*** Opening SOURCE INFORMATION ***

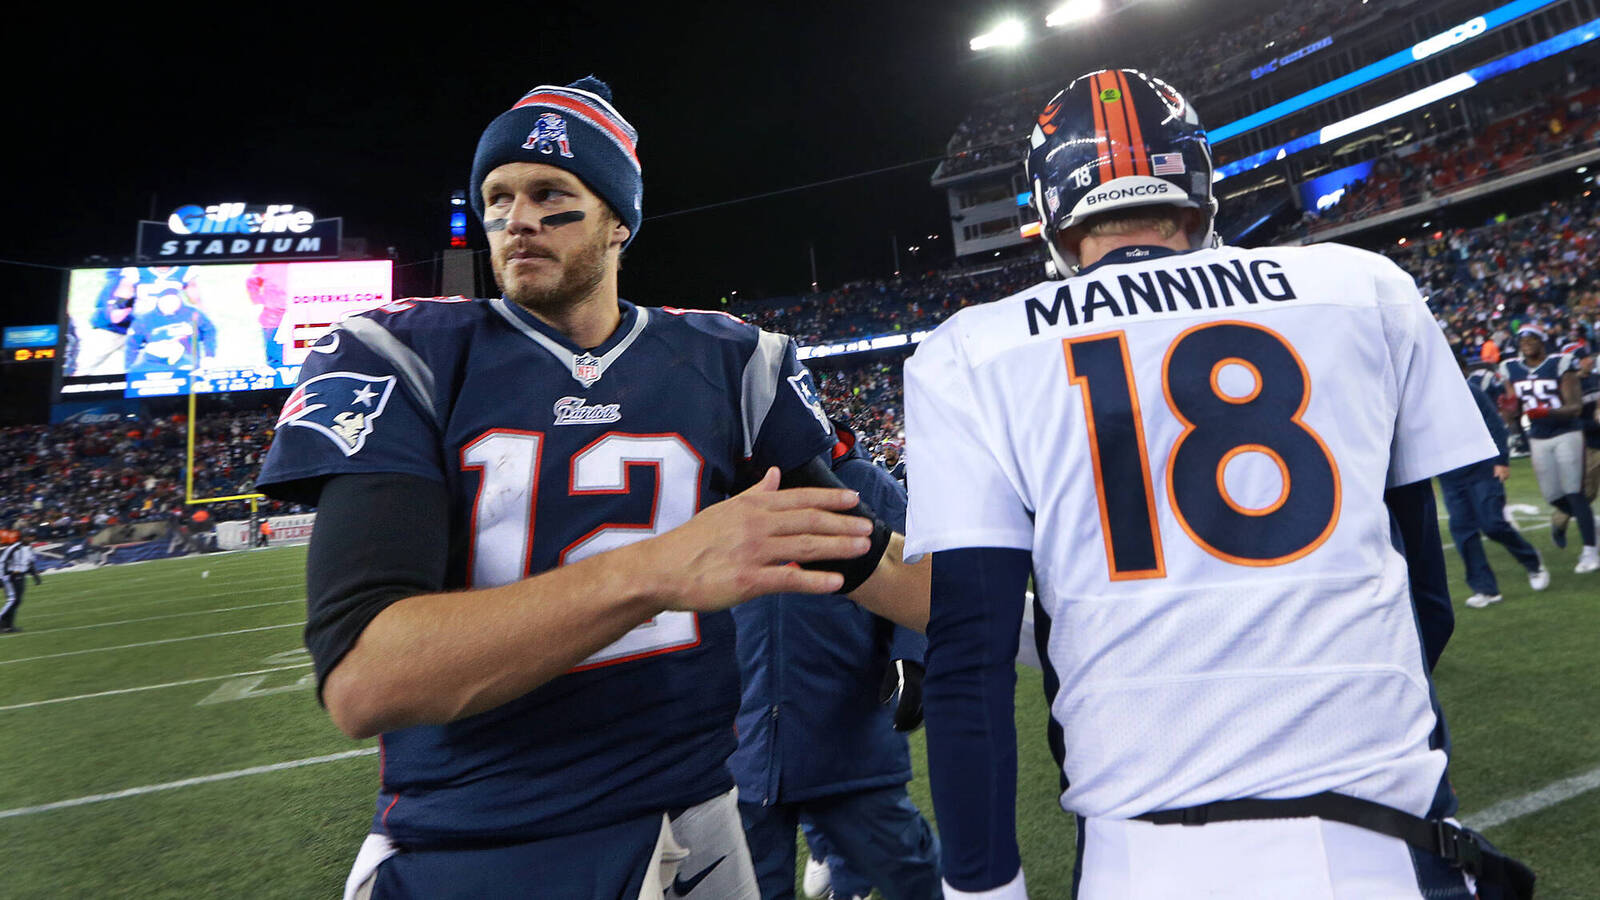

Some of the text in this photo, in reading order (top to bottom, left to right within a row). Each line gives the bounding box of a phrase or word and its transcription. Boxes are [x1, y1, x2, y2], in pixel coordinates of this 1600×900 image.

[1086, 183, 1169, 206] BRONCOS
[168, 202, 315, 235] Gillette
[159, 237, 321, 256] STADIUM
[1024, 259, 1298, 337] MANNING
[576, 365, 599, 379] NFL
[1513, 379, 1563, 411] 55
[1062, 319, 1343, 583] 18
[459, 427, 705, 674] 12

*** Closing SOURCE INFORMATION ***

**ABOUT THIS TASK**
Quote every line of the records above exactly; no picture is to be copied.

**ANSWER SECTION**
Some of the text in this photo, in reading order (top to bottom, left to right within a row). Each line gives the bounding box of a phrase or word and its transcription. Boxes are [x1, y1, x2, y2], in pixel coordinates of this 1600×900 image.

[1086, 183, 1169, 206] BRONCOS
[168, 202, 315, 235] Gillette
[159, 237, 321, 256] STADIUM
[1024, 259, 1298, 337] MANNING
[576, 365, 599, 379] NFL
[1513, 379, 1563, 411] 55
[1062, 319, 1343, 583] 18
[459, 427, 705, 674] 12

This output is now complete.